I’m not a fan of spiders, nor are my family.  Last summer the media was full of terrible tales about False Widows.  They’d apparently infiltrated the UK and embarked on a frenzied breeding program.  Newspapers trumpeted stories about horrendous spider bites that put victims in hospital. Photographs of the wounded with swollen limbs were splashed across the pages.  Everyone was terrified!  In fact at the time of writing this there are four False Widows sitting in webs outside my lounge window.  The fact that they remain shows general hysteria has calmed down.  That said, hysterics of the unfunny kind will break out if any one of those Widows dare to enter this house.
            Spider encounters are enough to make the bravest jump.  Earlier this week my mother spotted a huge hairy monster on her bedroom carpet.  She creaked off to get her spider-catcher (she never kills them, unlike her murdering daughter and grand-daughter).  By the time she’d creaked back, the spider had gone.  She found it again at bed time – when she got under the covers.  All together now…ARGH!

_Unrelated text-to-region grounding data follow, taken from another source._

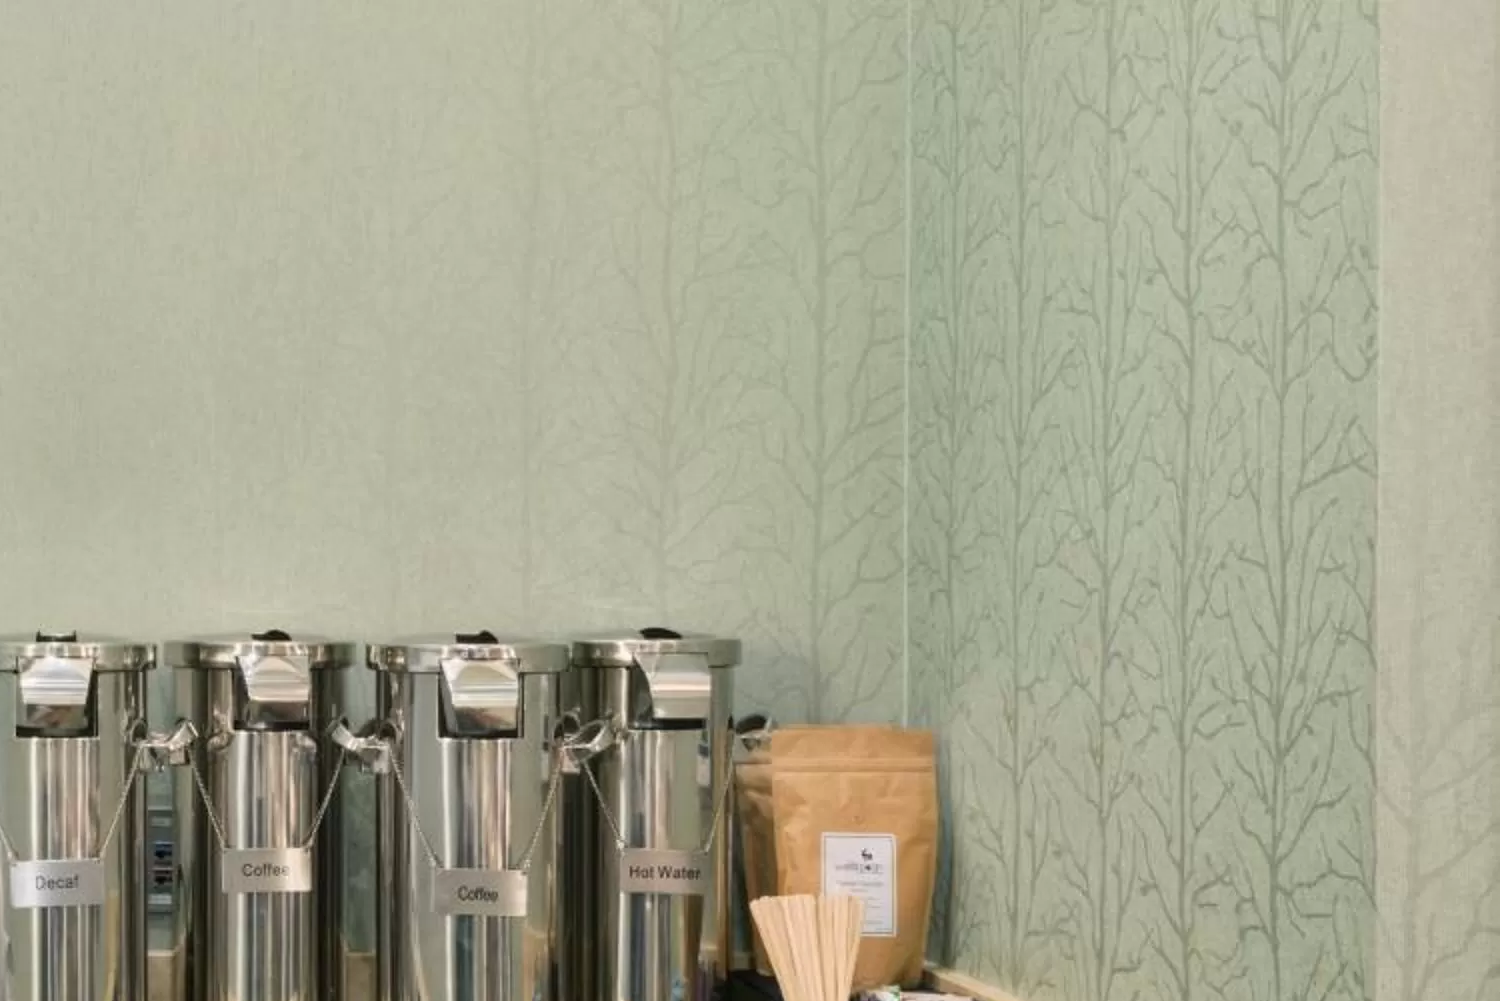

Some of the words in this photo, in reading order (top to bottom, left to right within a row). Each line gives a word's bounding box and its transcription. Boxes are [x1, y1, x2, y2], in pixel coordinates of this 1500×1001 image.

[241, 863, 290, 877] Coffee
[628, 866, 655, 879] Hot
[657, 866, 701, 880] Water
[35, 874, 79, 891] Decaf
[456, 885, 499, 902] Coffee

            Last weekend my daughter jumped in her car.  Humming absent-mindedly, she set off.  Just as she was gaining speed, in her peripheral vision something moved.  Daring to take her eyes off the road, she saw a spider had parachuted off the door and was dangling across the driver’s window.  Inside, not out.  Eleanor was instantly on red-alert.  A scream rose up but died in her throat.  She didn’t want to do anything to send the spider dropping on her or, even worse, scuttling off into the depths of the car only to re-emerge when on a motorway.

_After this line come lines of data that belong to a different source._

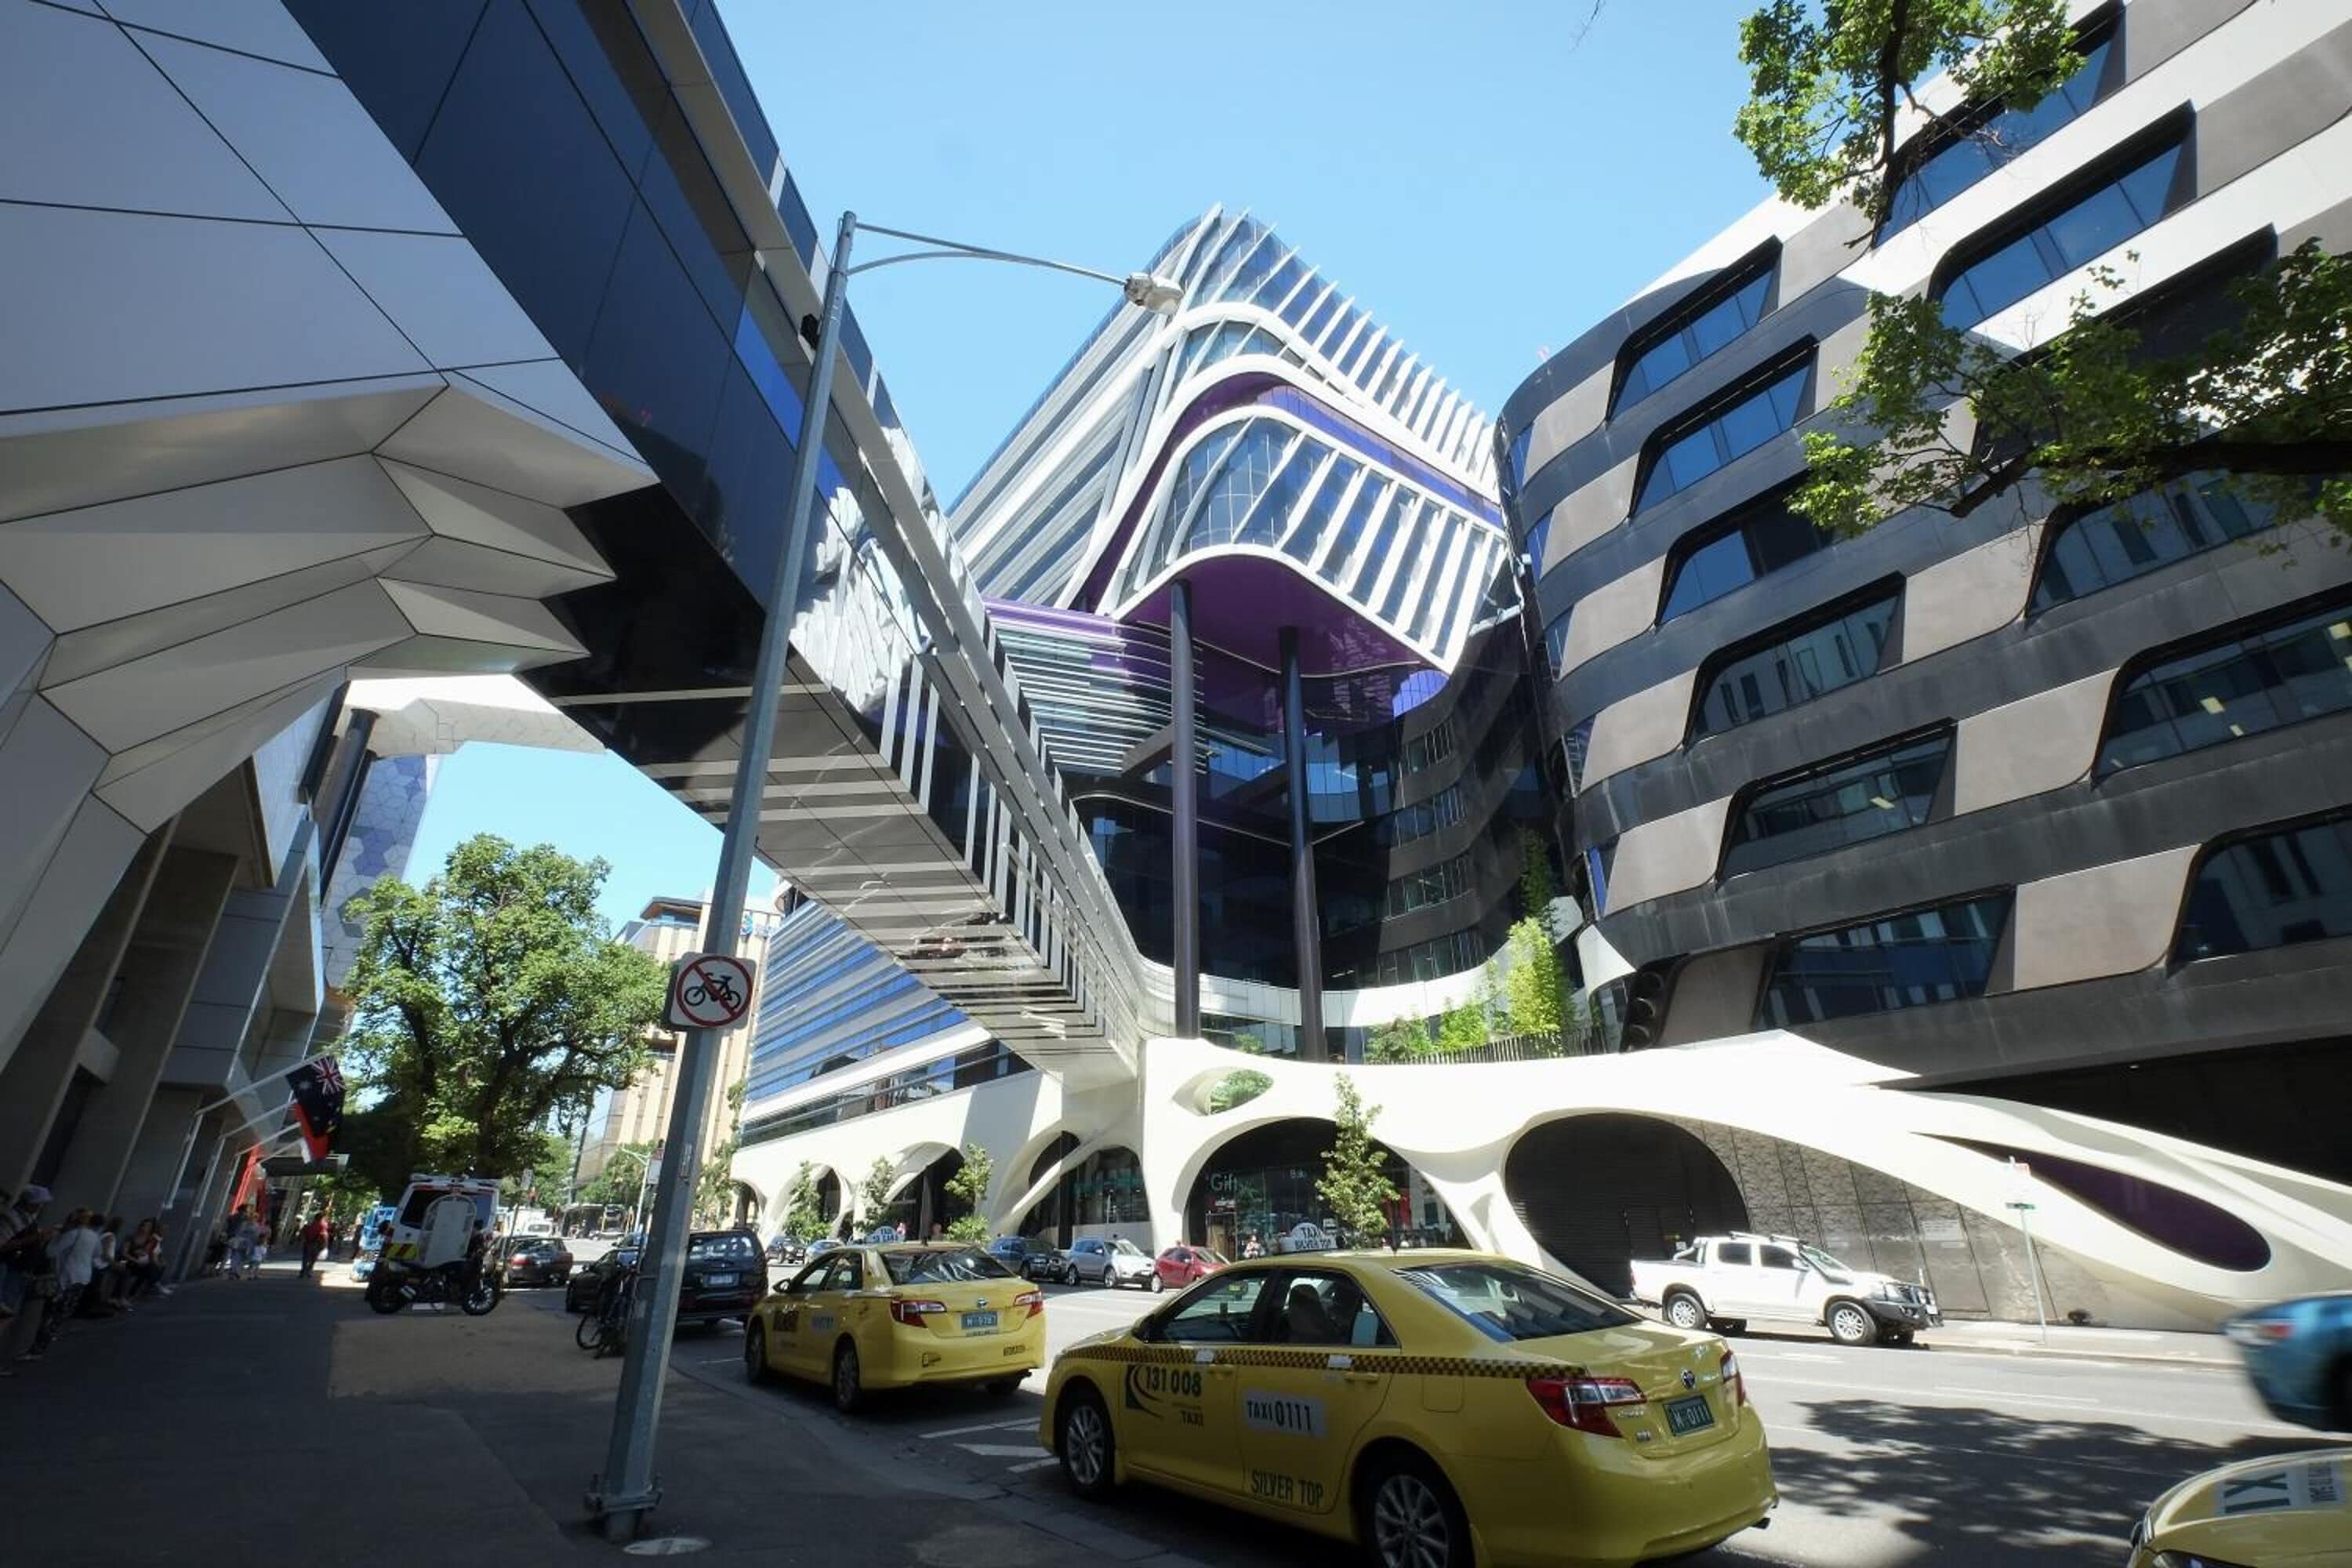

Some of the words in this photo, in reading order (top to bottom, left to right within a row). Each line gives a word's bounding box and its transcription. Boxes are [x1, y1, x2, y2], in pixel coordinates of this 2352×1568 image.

[1145, 1366, 1167, 1392] 131
[1171, 1370, 1202, 1398] 008
[1179, 1410, 1204, 1427] TAXI
[1247, 1399, 1273, 1421] TAXI
[1275, 1400, 1312, 1431] 0111
[1251, 1468, 1294, 1502] SILVER
[1298, 1479, 1324, 1508] TOP

            Leaning away from the driver’s door, my daughter continued to drive with stretched cartoon arms whilst searching for a place to pull over.  To add to her anxiety, the sound of a siren filled the air.  Was it a fire engine?  An ambulance?  Spotting a gap ahead, Eleanor edged towards it.  The siren was gaining momentum.  Every pulse of its screaming wail matched her galloping heartrate.  The spider had started to spin its way over to Eleanor’s shoulder.  Squeaking in terror, she kerbed the car, mounted the pavement and promptly stalled the engine.  The siren was almost upon her.  Ratcheting up the handbrake, she spotted a toilet roll on the open glove shelf.  Yes, this family carry toilet rolls in their vehicles.  I always mean to provide boxes of tissues, but always fail.  Anyway, I digress.  The spider was almost upon Eleanor.  Whimpering, she grabbed the toilet roll and smashed it hard against the spider.  Without losing a beat, she flung the driver’s door wide and tossed the toilet roll just as a police car – siren still blaring – roared past.  The toilet roll sailed through the air, bounced off the police car’s windscreen and, like a party popper, streamed across the road.  Eleanor was horrified.  Visions of a police car screeching to a halt with an angry officer arresting her for assault by toilet roll danced through her brain.  Unable to take any more, Eleanor collapsed weakly over the steering wheel.  The horn promptly beeped making her rocket upright again in shock.  Fortunately the police car had more pressing business than a highly strung teenager chucking toilet rolls about.  Exhaling shakily, Eleanor started the car and drove back home.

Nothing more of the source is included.